» Exercise: Below is a set of records. Repeat them verbatim without the pictures.
____ Data
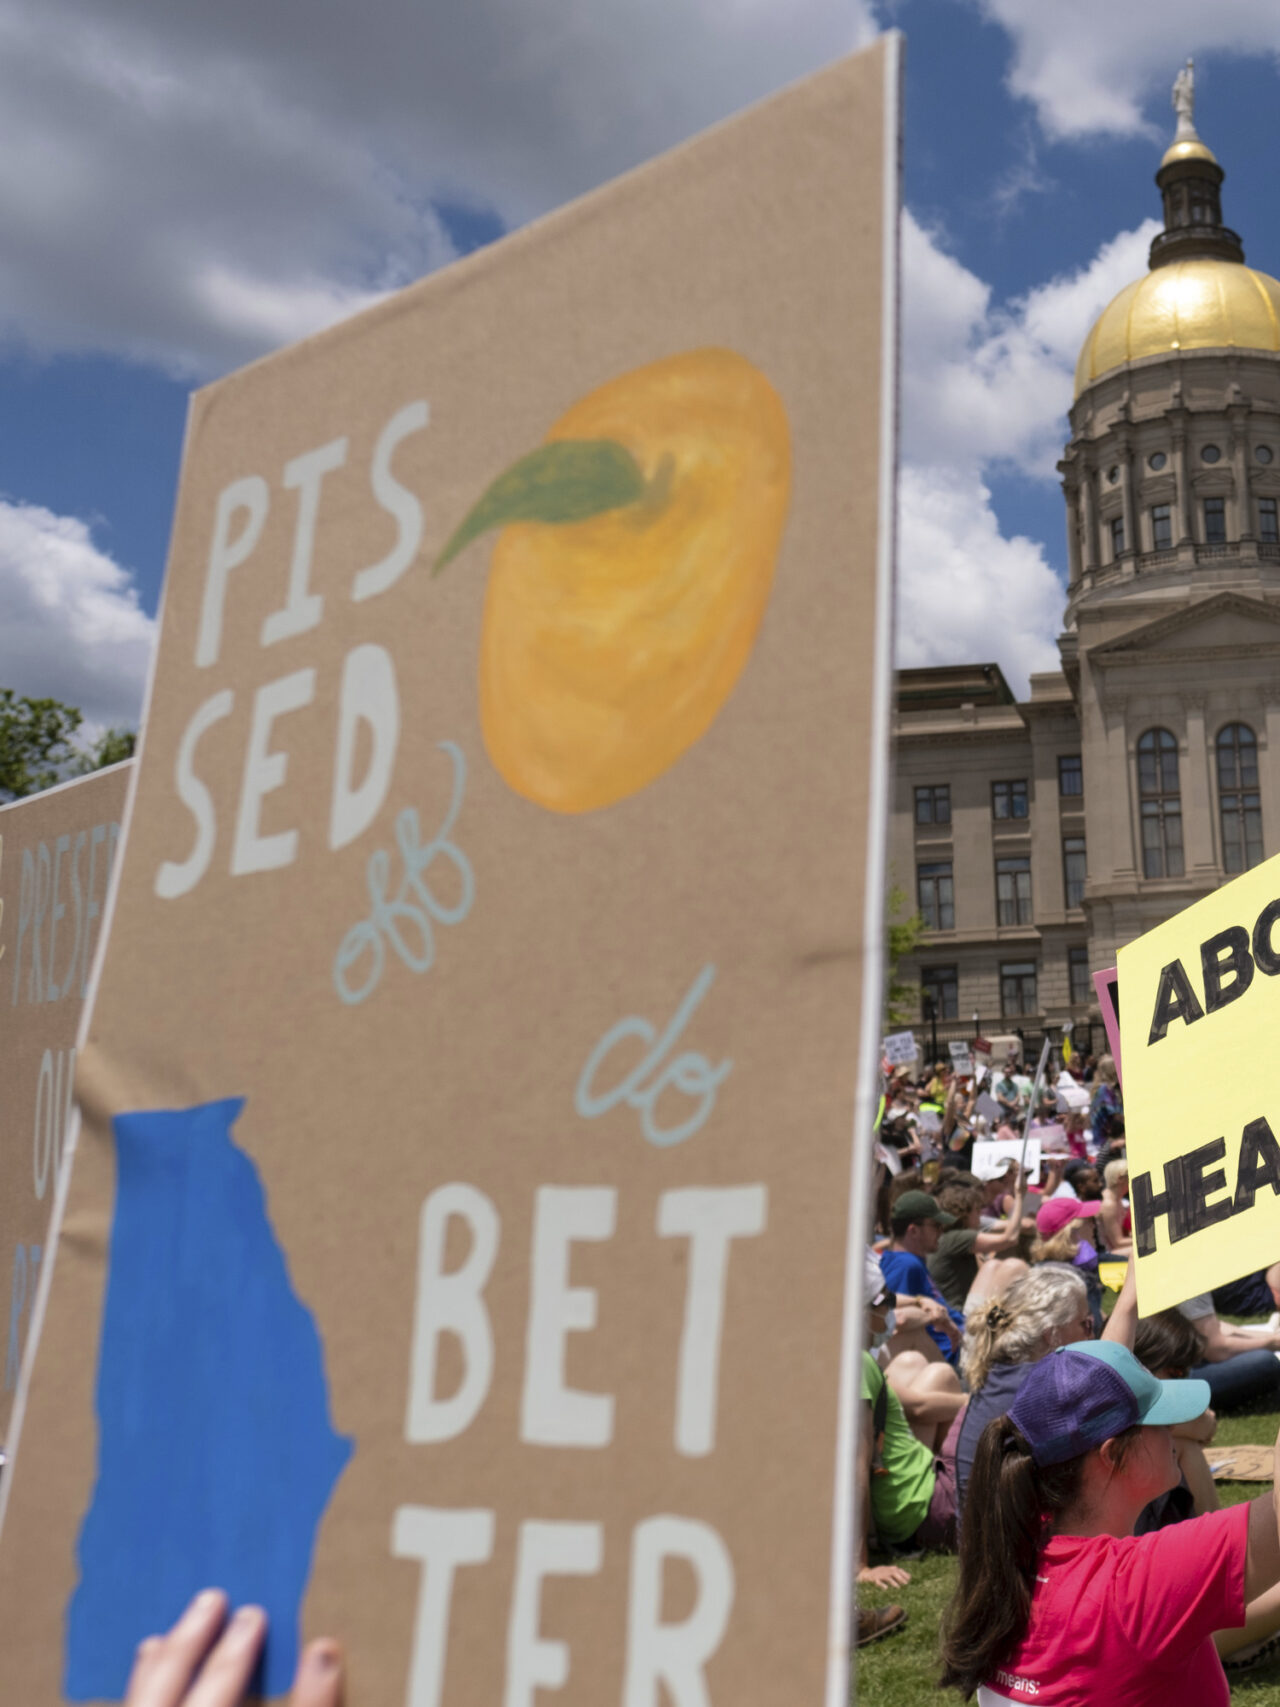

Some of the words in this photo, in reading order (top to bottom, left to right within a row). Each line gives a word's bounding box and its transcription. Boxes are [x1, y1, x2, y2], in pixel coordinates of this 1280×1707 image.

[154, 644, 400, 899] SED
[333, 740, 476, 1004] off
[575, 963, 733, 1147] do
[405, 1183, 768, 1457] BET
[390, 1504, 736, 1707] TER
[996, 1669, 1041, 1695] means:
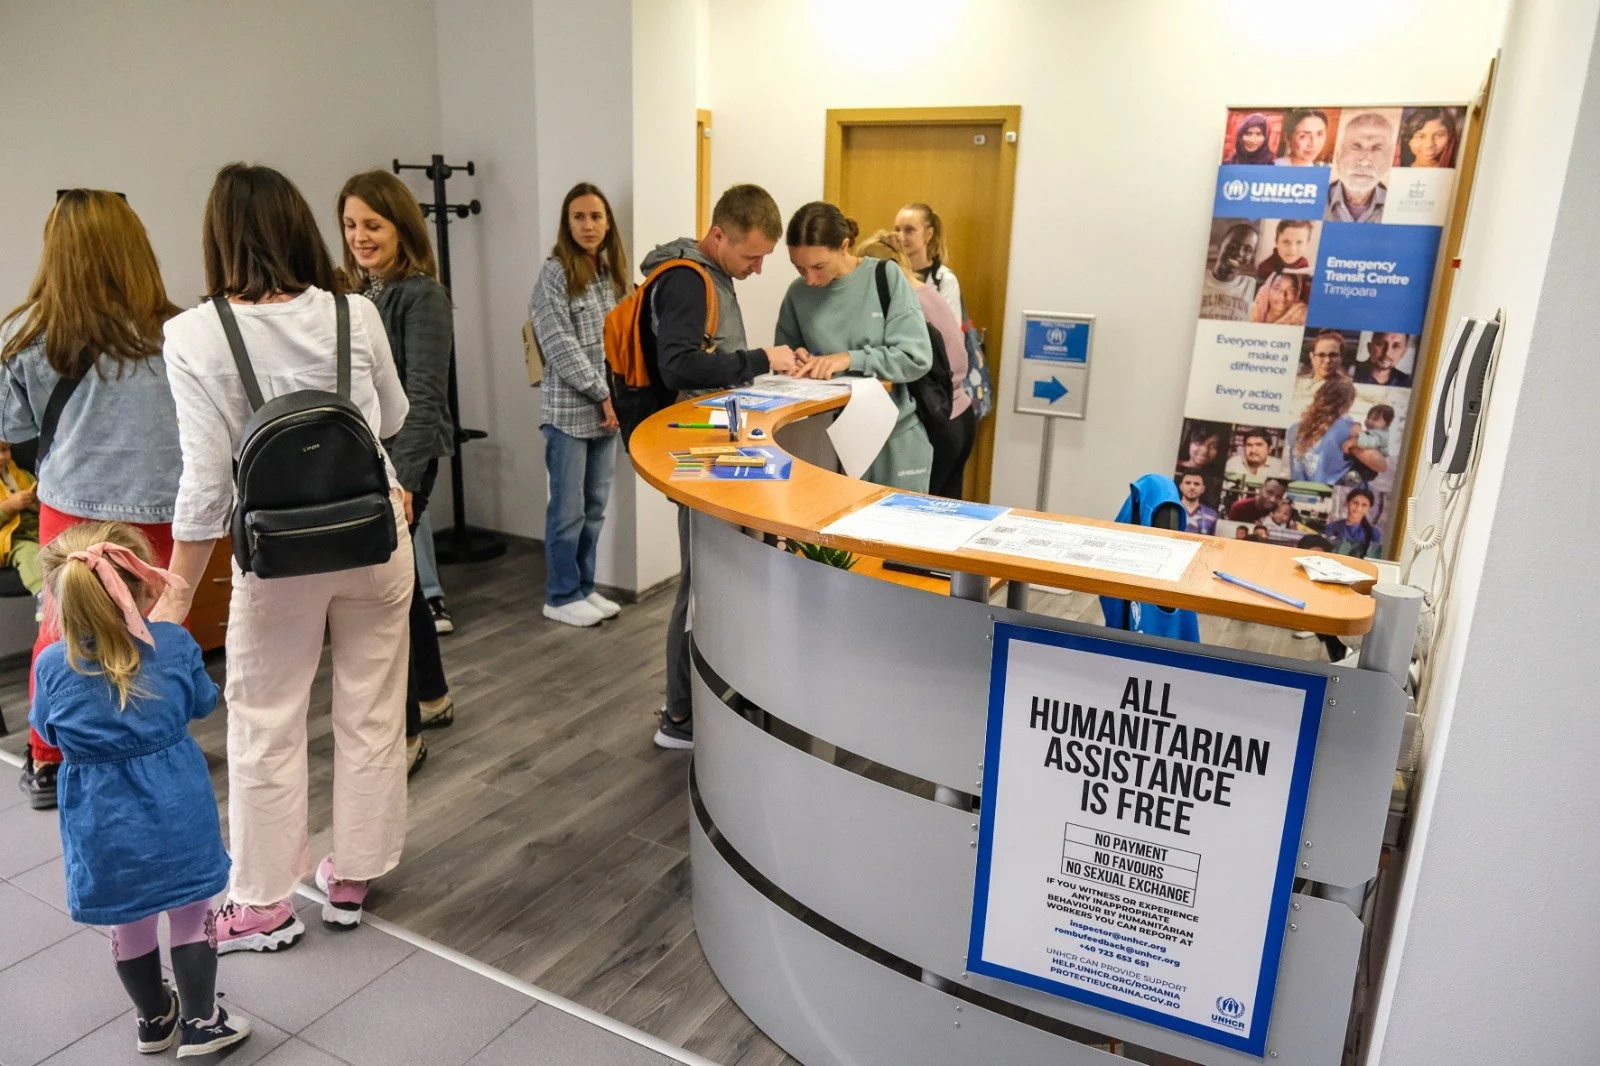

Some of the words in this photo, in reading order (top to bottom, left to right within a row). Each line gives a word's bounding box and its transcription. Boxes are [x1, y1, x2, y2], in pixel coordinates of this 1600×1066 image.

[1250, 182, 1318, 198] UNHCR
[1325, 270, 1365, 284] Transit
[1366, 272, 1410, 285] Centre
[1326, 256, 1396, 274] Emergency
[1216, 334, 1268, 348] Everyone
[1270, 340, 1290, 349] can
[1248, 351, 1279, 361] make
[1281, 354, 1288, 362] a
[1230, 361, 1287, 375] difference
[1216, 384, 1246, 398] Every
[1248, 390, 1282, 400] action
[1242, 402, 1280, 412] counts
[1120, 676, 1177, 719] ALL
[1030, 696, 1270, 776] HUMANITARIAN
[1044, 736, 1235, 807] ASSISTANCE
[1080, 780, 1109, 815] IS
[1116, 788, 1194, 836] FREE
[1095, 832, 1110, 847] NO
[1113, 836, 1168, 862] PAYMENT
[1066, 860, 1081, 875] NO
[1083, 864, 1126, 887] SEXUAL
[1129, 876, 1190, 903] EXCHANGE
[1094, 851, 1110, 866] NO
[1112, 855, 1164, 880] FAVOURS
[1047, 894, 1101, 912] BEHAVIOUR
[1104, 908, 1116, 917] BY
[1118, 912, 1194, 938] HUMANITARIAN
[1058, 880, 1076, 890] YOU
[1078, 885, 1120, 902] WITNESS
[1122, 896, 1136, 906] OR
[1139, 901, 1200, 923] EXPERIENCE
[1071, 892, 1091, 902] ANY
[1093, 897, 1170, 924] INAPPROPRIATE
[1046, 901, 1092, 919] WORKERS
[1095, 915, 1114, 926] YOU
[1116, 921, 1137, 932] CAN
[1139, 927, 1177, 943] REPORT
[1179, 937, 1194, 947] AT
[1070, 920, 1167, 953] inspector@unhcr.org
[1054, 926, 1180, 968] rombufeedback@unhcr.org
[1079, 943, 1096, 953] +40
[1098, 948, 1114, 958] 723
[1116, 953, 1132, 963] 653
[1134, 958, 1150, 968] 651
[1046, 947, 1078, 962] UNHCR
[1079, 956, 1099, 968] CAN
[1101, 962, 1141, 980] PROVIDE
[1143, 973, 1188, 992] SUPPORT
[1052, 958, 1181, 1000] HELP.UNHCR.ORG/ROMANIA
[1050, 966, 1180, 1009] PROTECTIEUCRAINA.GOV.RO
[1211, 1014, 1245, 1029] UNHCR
________
» Answer for the task:
Some of the words in this photo, in reading order (top to bottom, left to right within a row). Each line gives a word's bounding box and its transcription. Boxes are [x1, y1, x2, y2], in pixel coordinates of this 1280×1707 image.

[154, 644, 400, 899] SED
[333, 740, 476, 1004] off
[575, 963, 733, 1147] do
[405, 1183, 768, 1457] BET
[390, 1504, 736, 1707] TER
[996, 1669, 1041, 1695] means:

Some of the words in this photo, in reading order (top to bottom, left to right within a row). Each line gives a word's bounding box and its transcription. Boxes are [x1, y1, x2, y2], in pixel coordinates of this 1600×1066 image.

[1250, 182, 1318, 198] UNHCR
[1325, 270, 1365, 284] Transit
[1366, 272, 1410, 285] Centre
[1326, 256, 1396, 274] Emergency
[1216, 334, 1268, 348] Everyone
[1270, 340, 1290, 349] can
[1248, 351, 1279, 361] make
[1281, 354, 1288, 362] a
[1230, 361, 1287, 375] difference
[1216, 384, 1246, 398] Every
[1248, 390, 1282, 400] action
[1242, 402, 1280, 412] counts
[1120, 676, 1177, 719] ALL
[1030, 696, 1270, 776] HUMANITARIAN
[1044, 736, 1235, 807] ASSISTANCE
[1080, 780, 1109, 815] IS
[1116, 788, 1194, 836] FREE
[1095, 832, 1110, 847] NO
[1113, 836, 1168, 862] PAYMENT
[1066, 860, 1081, 875] NO
[1083, 864, 1126, 887] SEXUAL
[1129, 876, 1190, 903] EXCHANGE
[1094, 851, 1110, 866] NO
[1112, 855, 1164, 880] FAVOURS
[1047, 894, 1101, 912] BEHAVIOUR
[1104, 908, 1116, 917] BY
[1118, 912, 1194, 938] HUMANITARIAN
[1058, 880, 1076, 890] YOU
[1078, 885, 1120, 902] WITNESS
[1122, 896, 1136, 906] OR
[1139, 901, 1200, 923] EXPERIENCE
[1071, 892, 1091, 902] ANY
[1093, 897, 1170, 924] INAPPROPRIATE
[1046, 901, 1092, 919] WORKERS
[1095, 915, 1114, 926] YOU
[1116, 921, 1137, 932] CAN
[1139, 927, 1177, 943] REPORT
[1179, 937, 1194, 947] AT
[1070, 920, 1167, 953] inspector@unhcr.org
[1054, 926, 1180, 968] rombufeedback@unhcr.org
[1079, 943, 1096, 953] +40
[1098, 948, 1114, 958] 723
[1116, 953, 1132, 963] 653
[1134, 958, 1150, 968] 651
[1046, 947, 1078, 962] UNHCR
[1079, 956, 1099, 968] CAN
[1101, 962, 1141, 980] PROVIDE
[1143, 973, 1188, 992] SUPPORT
[1052, 958, 1181, 1000] HELP.UNHCR.ORG/ROMANIA
[1050, 966, 1180, 1009] PROTECTIEUCRAINA.GOV.RO
[1211, 1014, 1245, 1029] UNHCR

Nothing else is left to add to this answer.